Later on today (October 18), Elbow are expected to score their third UK No.1 album, having tightened their grip on top spot.

As previously reported, Giants Of All Sizes had 24,607 sales for the week so far and is ahead of Ed Sheeran’s No.6 Collaborations Project (7,691 sales) and Lewis Capaldi’s Divinely Uninspired To A Hellish Extent (6,668 sales). 

Earlier in the month, we caught up with frontman Guy Garvey about the group’s ambassadorial role for National Album Day 2019 – which included a special one-track edition of Giants Of All Sizes to tie in with this year’s ‘Don’t Skip’ theme – as well as getting insight on their latest outing.

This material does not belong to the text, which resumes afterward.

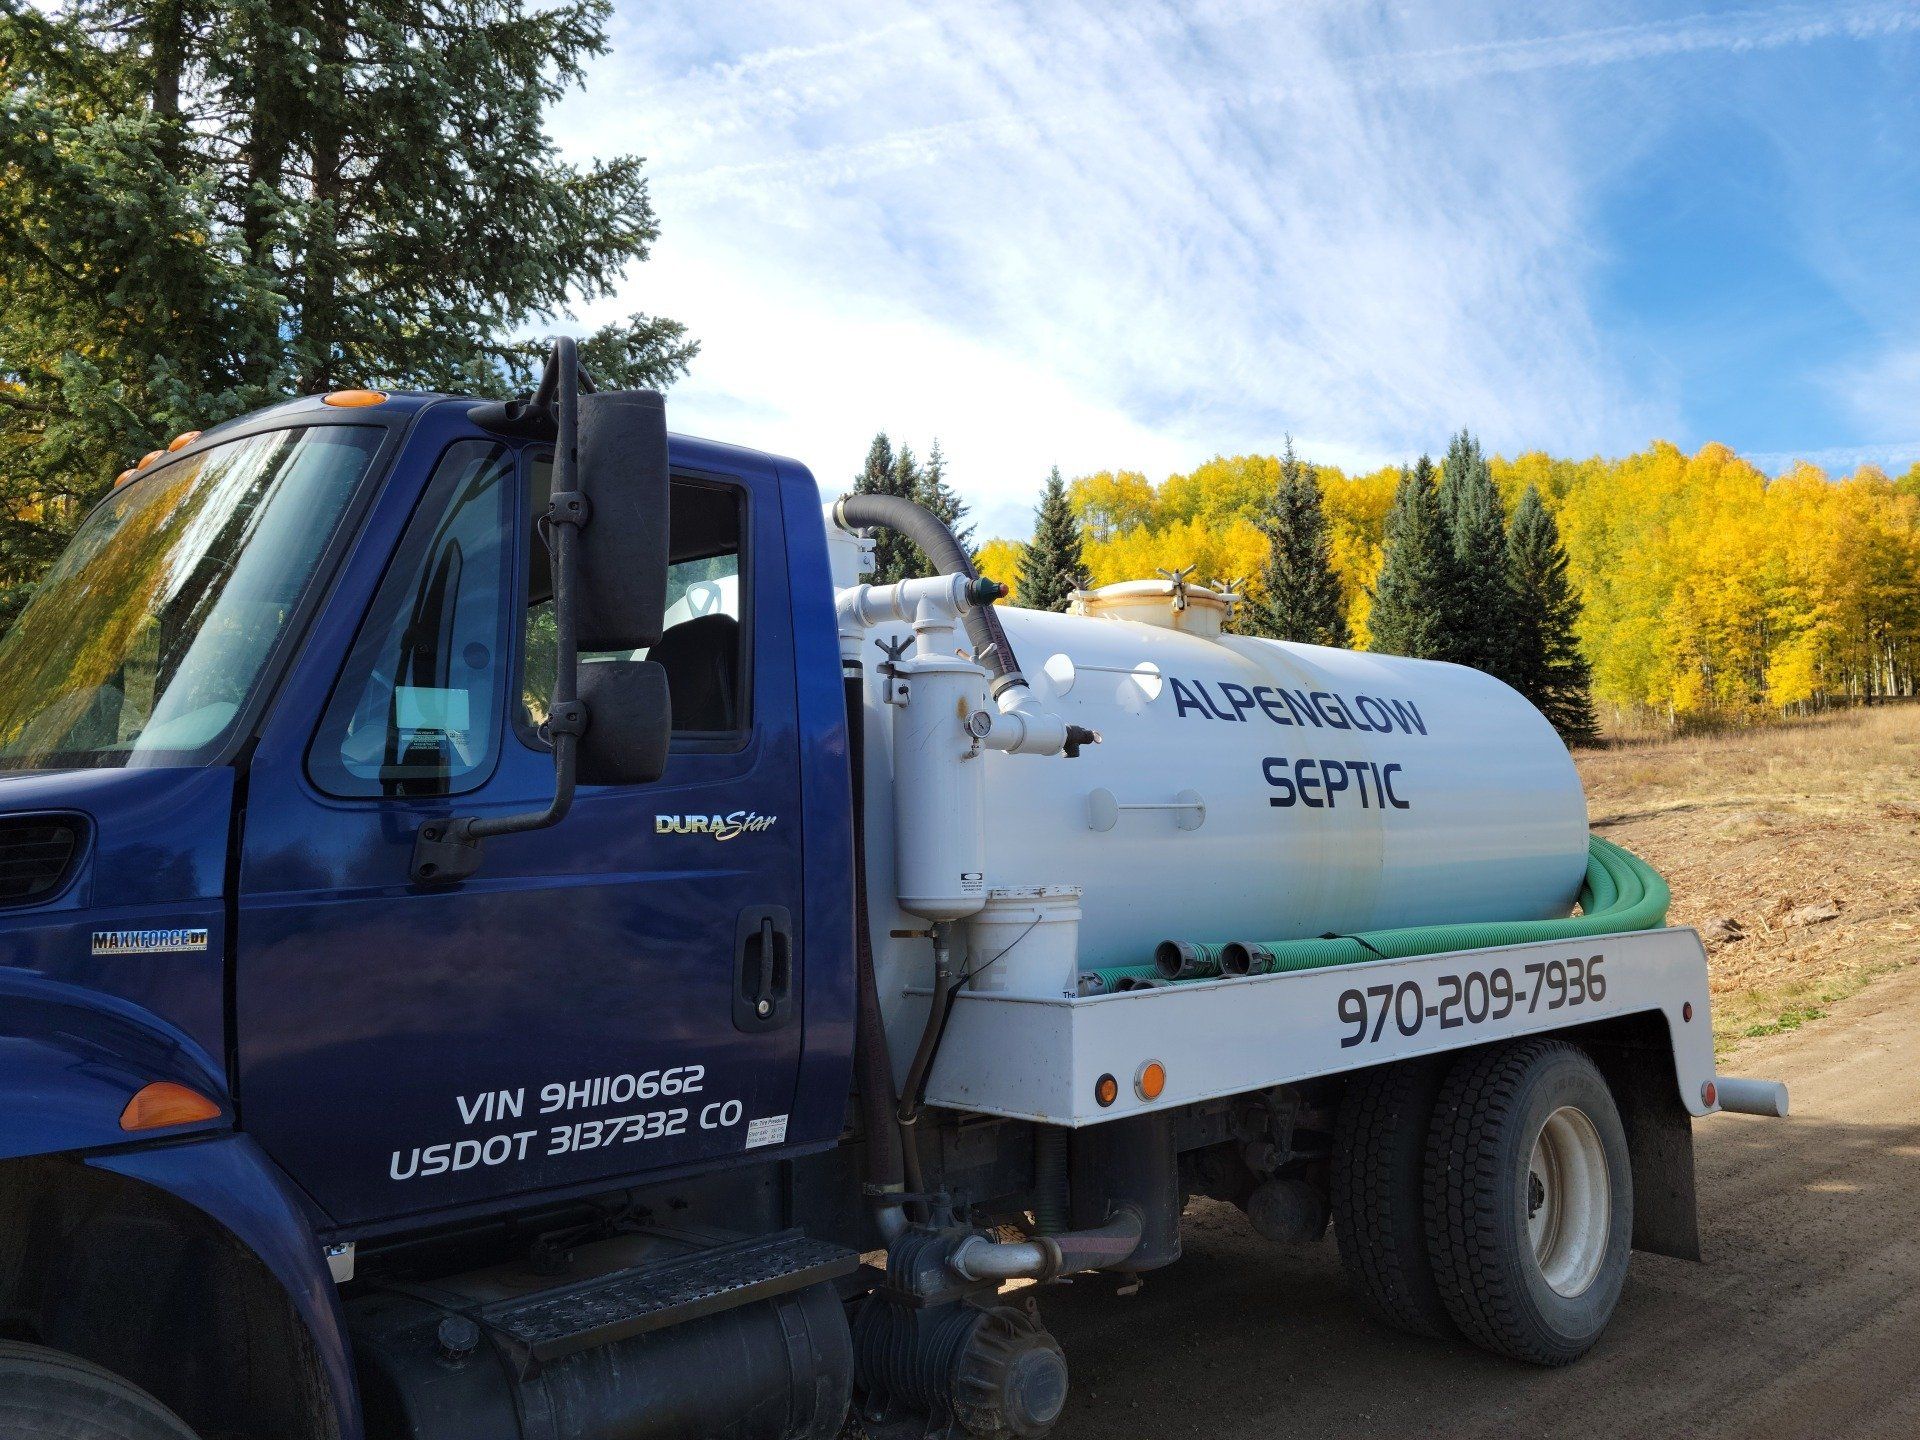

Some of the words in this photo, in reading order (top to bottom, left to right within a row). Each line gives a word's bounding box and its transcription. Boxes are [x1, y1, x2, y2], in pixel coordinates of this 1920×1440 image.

“This is our shortest album, it’s nine tracks,” Garvey told Music Week. “It’s a heavy record. There were some songs that didn’t make it because they took it over the precipice of sad. In my personal life, I lost my dad. Then I lost two close friends, the band lost two close friends, in the space of eight days last October, one to cancer, one had a heart attack. All this against the bleak backdrop of the division running down the country: Brexit and more obvious climate change results. It’s been a dark and panicky time. There’s still a lot of salvation on the record, and it rocks. It’s definitely a tougher record.”

Commenting on the logic behind releasing the ‘Don’t Skip’ version of the record, Garvey claimed it was, “a nod to how important it is to us that people listen to it that way. Anybody who owns a non-skip version, I would say, would be very proud of it. If you’re going to go and buy a non-skip version then you’re proud [to have it in your hands].”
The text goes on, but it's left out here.